Some suggested it was named after an early settler, while some say it was to describe it's beauty, but neither has been definitive.

NEWBERRY, S.C. — One local historian believes he's uncovered how the town and county of Newberry were named. It's remained a mystery for some time, but he thinks after significant research, he's cracked the code.

"The origin of the name Newberry has somewhat been clouded," said historian Ernest Shealy. 

Some historical sources have suggested it was named after an early settler, and others say that it may have been a way to describe the area's beauty, but neither explanation was definitive.  
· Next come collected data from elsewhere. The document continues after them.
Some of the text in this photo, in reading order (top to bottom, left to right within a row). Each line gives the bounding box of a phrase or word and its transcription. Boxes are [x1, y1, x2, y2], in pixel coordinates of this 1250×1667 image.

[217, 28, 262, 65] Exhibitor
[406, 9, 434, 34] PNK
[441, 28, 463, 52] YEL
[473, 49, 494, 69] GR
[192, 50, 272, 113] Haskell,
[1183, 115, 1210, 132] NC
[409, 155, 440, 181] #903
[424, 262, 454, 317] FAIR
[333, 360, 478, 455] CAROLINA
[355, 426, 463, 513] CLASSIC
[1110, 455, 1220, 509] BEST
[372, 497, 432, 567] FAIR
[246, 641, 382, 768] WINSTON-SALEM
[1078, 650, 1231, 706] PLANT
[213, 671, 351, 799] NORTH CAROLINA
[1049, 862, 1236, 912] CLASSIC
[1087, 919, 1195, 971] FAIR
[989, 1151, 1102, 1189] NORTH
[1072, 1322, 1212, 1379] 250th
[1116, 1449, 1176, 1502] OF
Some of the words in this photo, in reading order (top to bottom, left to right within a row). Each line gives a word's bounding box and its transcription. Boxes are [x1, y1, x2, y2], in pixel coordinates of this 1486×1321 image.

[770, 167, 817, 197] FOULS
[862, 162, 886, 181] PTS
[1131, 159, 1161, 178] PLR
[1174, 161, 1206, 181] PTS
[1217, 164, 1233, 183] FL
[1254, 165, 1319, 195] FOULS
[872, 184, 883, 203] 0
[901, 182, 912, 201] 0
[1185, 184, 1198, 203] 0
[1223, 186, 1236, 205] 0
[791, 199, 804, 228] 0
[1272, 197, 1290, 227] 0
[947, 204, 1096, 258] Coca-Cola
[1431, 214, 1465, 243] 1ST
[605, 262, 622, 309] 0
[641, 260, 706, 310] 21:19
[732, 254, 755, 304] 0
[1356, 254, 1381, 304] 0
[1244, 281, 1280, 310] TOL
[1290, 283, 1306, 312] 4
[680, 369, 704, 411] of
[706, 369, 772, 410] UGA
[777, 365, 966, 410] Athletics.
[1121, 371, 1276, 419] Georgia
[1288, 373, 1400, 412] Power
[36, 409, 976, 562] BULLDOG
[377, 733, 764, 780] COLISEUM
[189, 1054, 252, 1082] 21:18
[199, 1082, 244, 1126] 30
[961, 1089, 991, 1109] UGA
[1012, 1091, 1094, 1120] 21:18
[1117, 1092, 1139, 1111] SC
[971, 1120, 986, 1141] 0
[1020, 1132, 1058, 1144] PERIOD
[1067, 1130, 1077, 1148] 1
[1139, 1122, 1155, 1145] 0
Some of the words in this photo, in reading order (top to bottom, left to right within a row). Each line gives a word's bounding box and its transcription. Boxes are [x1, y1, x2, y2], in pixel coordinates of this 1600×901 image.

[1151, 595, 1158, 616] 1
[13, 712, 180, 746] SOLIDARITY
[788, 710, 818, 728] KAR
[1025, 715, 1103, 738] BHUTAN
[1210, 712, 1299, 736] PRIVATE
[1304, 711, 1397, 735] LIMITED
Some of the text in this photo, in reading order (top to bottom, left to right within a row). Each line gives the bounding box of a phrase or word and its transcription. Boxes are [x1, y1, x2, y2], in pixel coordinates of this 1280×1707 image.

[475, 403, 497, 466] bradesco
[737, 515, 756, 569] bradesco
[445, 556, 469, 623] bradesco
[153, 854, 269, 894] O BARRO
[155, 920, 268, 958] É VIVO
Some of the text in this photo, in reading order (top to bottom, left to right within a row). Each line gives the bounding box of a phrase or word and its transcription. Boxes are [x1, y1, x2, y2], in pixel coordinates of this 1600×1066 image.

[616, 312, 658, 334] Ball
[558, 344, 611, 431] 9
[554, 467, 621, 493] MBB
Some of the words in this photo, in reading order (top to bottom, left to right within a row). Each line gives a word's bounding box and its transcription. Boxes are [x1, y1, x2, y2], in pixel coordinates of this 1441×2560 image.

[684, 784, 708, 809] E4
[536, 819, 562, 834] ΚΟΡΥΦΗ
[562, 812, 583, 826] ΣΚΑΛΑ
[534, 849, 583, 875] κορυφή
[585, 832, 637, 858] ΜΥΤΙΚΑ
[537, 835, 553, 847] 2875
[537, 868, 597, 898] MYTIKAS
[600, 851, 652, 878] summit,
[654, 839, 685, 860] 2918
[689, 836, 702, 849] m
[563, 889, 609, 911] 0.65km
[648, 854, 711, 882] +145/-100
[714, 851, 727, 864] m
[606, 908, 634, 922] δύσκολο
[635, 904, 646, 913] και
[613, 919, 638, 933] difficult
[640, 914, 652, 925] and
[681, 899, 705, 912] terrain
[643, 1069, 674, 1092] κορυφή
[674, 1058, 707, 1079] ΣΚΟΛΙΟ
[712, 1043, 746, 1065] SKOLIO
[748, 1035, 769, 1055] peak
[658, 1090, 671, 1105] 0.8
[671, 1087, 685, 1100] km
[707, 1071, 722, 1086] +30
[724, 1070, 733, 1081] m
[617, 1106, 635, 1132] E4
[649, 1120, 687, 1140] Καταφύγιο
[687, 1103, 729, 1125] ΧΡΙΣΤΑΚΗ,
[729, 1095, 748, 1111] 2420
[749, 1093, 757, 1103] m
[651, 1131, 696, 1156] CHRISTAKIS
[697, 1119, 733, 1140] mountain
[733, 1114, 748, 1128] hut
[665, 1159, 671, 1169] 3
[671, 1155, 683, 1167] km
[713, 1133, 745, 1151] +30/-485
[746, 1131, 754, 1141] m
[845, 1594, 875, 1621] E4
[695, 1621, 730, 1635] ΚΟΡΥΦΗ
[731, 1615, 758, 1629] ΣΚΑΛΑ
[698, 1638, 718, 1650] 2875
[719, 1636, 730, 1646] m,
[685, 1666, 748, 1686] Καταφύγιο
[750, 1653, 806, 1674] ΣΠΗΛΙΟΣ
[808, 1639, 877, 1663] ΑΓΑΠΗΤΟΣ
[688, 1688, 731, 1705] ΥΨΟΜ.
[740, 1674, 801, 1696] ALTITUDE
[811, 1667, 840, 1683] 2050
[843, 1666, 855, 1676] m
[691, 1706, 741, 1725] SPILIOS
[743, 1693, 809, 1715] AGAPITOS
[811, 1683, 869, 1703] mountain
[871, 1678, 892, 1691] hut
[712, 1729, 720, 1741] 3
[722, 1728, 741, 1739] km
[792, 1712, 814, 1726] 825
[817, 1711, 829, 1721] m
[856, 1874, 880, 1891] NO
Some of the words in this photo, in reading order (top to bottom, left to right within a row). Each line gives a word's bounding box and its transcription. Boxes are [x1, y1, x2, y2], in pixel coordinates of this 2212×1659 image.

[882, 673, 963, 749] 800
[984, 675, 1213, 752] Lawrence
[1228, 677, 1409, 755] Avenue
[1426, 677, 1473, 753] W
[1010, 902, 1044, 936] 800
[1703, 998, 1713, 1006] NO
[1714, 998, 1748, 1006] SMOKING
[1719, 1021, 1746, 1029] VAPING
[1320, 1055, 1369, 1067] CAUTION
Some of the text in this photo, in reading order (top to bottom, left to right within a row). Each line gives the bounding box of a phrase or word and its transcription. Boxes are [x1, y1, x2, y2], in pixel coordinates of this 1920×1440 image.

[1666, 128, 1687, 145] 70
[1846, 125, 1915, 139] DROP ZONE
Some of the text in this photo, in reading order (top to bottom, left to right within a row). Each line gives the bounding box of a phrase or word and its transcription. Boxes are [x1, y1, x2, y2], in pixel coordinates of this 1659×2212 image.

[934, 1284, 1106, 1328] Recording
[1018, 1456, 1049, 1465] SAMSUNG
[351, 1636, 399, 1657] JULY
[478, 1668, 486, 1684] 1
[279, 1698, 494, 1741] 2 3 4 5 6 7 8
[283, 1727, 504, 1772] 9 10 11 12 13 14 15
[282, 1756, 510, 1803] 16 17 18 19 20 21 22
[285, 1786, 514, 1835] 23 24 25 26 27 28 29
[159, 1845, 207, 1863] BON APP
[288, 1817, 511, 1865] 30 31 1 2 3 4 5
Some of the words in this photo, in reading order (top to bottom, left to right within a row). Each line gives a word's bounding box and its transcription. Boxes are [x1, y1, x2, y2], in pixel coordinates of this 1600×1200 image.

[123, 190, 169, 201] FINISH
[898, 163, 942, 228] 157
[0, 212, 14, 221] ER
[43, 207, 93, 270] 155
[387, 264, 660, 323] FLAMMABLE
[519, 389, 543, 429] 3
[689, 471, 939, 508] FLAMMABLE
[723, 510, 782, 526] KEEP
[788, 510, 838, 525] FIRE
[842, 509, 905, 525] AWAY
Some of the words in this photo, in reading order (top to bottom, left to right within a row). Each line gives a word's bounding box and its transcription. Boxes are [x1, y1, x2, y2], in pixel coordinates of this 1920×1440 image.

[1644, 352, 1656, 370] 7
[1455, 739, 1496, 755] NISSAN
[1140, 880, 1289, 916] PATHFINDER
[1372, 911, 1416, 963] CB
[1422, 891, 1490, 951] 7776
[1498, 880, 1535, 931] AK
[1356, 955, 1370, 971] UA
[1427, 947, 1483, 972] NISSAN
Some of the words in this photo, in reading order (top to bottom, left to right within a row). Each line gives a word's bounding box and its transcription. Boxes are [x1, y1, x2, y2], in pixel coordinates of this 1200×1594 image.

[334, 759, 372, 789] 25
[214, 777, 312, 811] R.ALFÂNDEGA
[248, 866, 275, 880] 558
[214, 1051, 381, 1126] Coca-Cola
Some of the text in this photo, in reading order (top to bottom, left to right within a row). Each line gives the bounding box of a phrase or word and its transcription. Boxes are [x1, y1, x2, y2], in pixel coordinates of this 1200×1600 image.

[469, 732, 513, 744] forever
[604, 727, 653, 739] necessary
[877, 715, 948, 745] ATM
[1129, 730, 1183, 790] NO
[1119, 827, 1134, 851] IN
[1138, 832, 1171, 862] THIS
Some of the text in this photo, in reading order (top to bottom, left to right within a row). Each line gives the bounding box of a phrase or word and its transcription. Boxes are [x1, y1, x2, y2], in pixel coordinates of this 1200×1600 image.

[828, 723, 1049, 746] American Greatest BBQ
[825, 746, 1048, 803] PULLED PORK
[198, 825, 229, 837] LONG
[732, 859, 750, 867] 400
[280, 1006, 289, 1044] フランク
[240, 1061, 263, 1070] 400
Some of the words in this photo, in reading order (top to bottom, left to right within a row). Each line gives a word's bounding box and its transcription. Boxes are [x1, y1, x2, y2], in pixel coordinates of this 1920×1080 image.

Shealy says after much research he now believes the religious Quakers gave the town the name. "I came across the Quakers being established in a suburb in London called Newberry, as many of the Quakers moved to Pennsylvania"

He says during the French-Indian War in the 1760s, when the Appalachian area was open, the Quakers traveled down to South Carolina. 

"Suddenly we have a naming opportunity in 1785 and about a third of the population in the county at that time were Quakers, so we believe that the Quakers gave us the name," Shealy said. "Well the Quakers left in the first quarter of the 19th century and moved west to Ohio and Indiana, and Quakers from our Newberry established a township in Ohio called Newberry and a town in Indiana called Newberry." 

Newbery Mayor Foster Senn recently invited Shealy to speak to City council and hopes it provides information to residents on how the area's name came to be.

"It's very logical that the Quakers named other cities, they went and in the United States they named them Newberry, and so that makes sense we're some of our first settlers and we still have some remnants here, the markers and street names, that we believe can attribute to the Quaker Society of Friends," Senn said.